• **WORK ORDER**
Your answer must restate each entry below word for word, with no pictures in it.

= = = = =

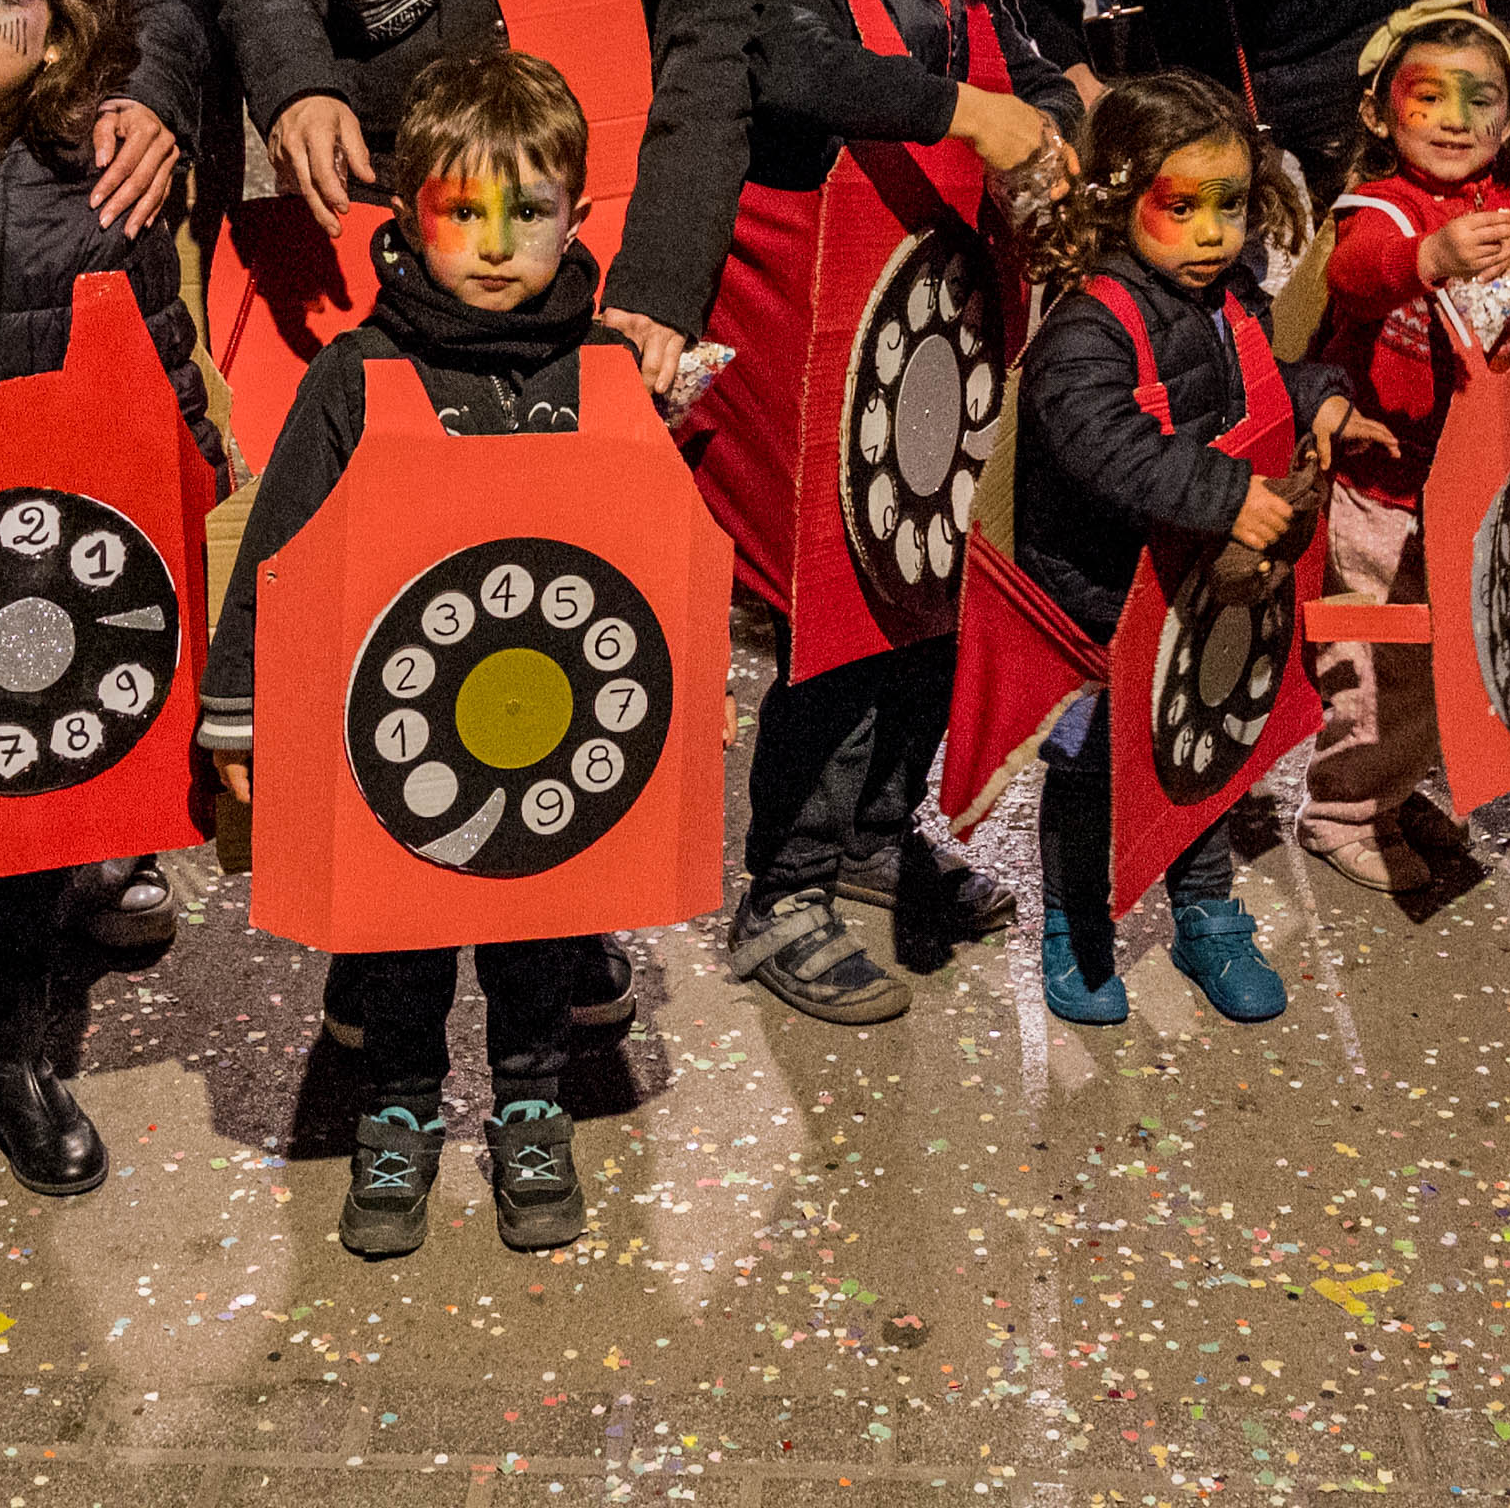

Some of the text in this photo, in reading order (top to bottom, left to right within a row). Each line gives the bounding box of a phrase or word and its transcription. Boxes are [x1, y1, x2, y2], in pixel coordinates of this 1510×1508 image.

[13, 507, 49, 545] 2
[85, 540, 115, 579] 1
[491, 572, 517, 613] 4
[554, 587, 578, 621] 5
[433, 603, 460, 636] 3
[594, 624, 621, 660] 6
[115, 669, 139, 708] 9
[395, 656, 417, 691] 2
[609, 687, 636, 723] 7
[65, 718, 90, 751] 8
[390, 718, 407, 758] 1
[585, 744, 613, 783] 8
[535, 787, 564, 827] 9

= = = = =

• **RESULT OF THE TASK**
Some of the text in this photo, in reading order (top to bottom, left to right within a row). Each line gives the bounding box of a phrase or word and its transcription. Boxes are [x1, y1, x2, y2], in pixel coordinates of this 1510×1508 image.

[13, 507, 49, 545] 2
[85, 540, 115, 579] 1
[491, 572, 517, 613] 4
[554, 587, 578, 621] 5
[433, 603, 460, 636] 3
[594, 624, 621, 660] 6
[115, 669, 139, 708] 9
[395, 656, 417, 691] 2
[609, 687, 636, 723] 7
[65, 718, 90, 751] 8
[390, 718, 407, 758] 1
[585, 744, 613, 783] 8
[535, 787, 564, 827] 9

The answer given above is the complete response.